• [Task directions]: Return the records below exactly; pictures stay out.

Input Block Start

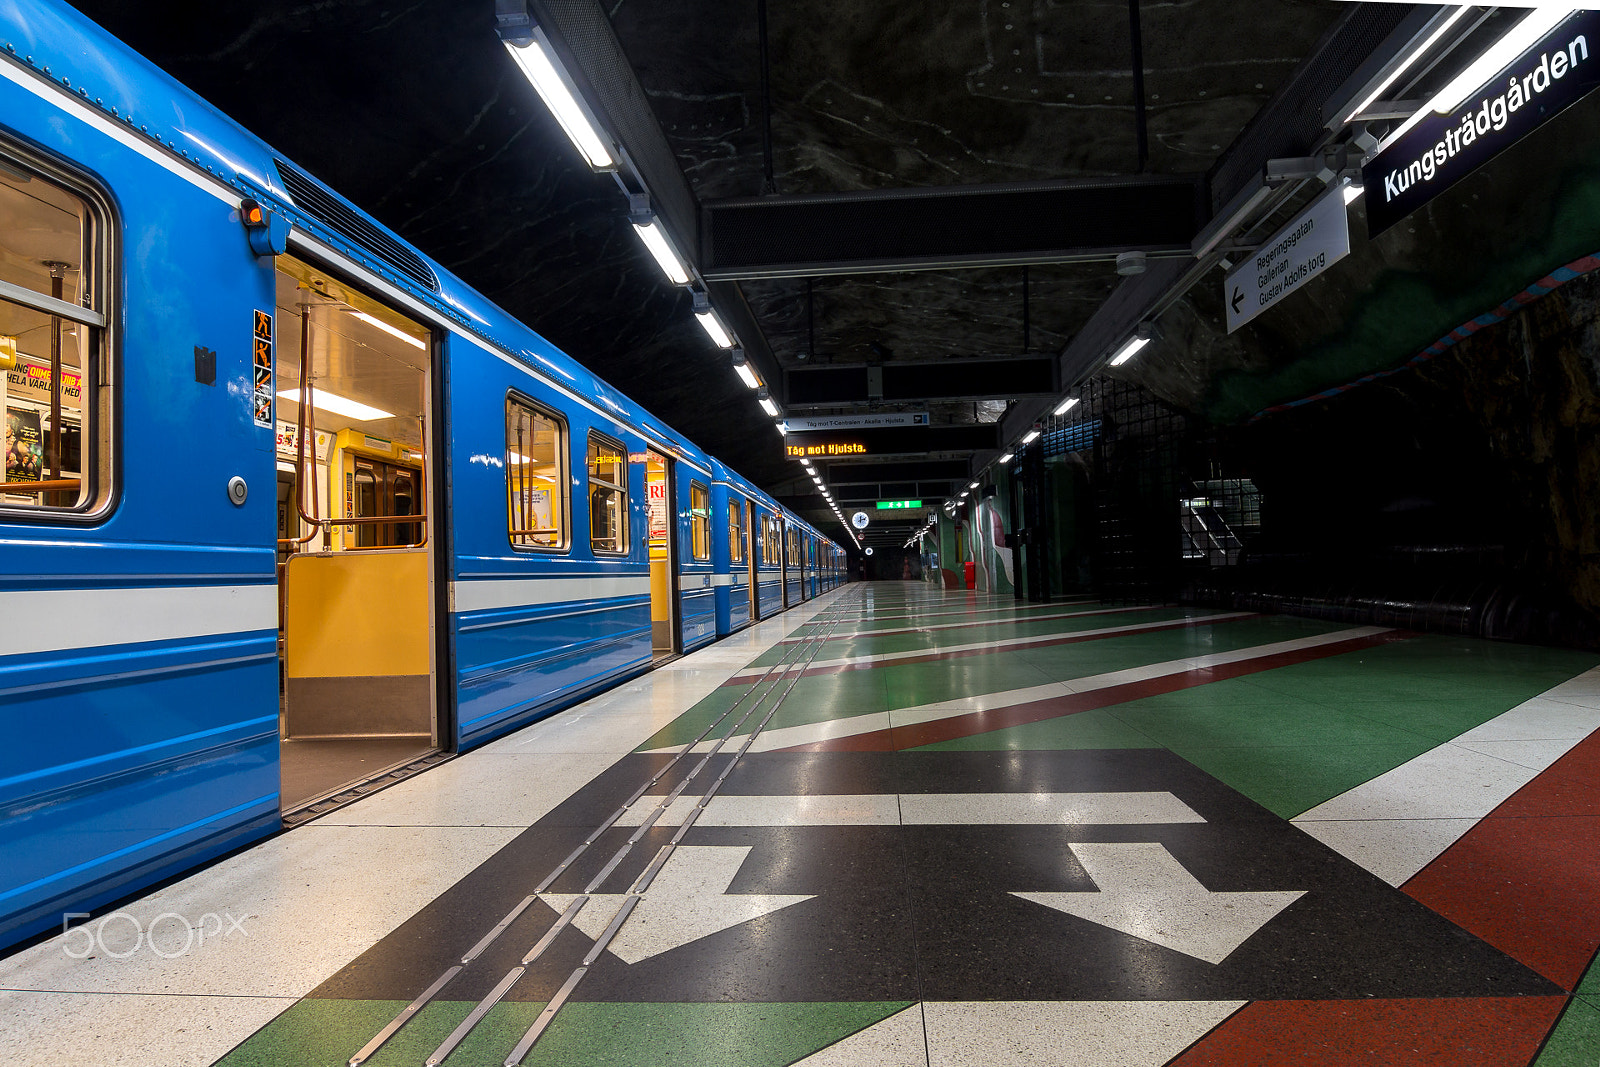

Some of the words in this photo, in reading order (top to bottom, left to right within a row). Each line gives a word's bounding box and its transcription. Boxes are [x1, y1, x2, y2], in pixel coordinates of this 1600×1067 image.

[1384, 34, 1588, 202] Kungsträdgården
[1257, 218, 1314, 271] Regeringsgatan
[1258, 259, 1289, 288] Gallerian
[1259, 281, 1283, 306] Gustav
[1283, 264, 1308, 290] Adolfs
[1308, 252, 1325, 272] torg
[11, 362, 29, 374] ING
[7, 373, 26, 386] HELA
[64, 386, 80, 398] MED
[787, 446, 805, 456] Tåg
[807, 444, 825, 455] mot
[828, 443, 867, 455] Hjulsta.

Input Block End

• [Response for this exercise]:
Some of the words in this photo, in reading order (top to bottom, left to right within a row). Each line gives a word's bounding box and its transcription. Boxes are [x1, y1, x2, y2], in pixel coordinates of this 1600×1067 image.

[1384, 34, 1588, 202] Kungsträdgården
[1257, 218, 1314, 271] Regeringsgatan
[1258, 259, 1289, 288] Gallerian
[1259, 281, 1283, 306] Gustav
[1283, 264, 1308, 290] Adolfs
[1308, 252, 1325, 272] torg
[11, 362, 29, 374] ING
[7, 373, 26, 386] HELA
[64, 386, 80, 398] MED
[787, 446, 805, 456] Tåg
[807, 444, 825, 455] mot
[828, 443, 867, 455] Hjulsta.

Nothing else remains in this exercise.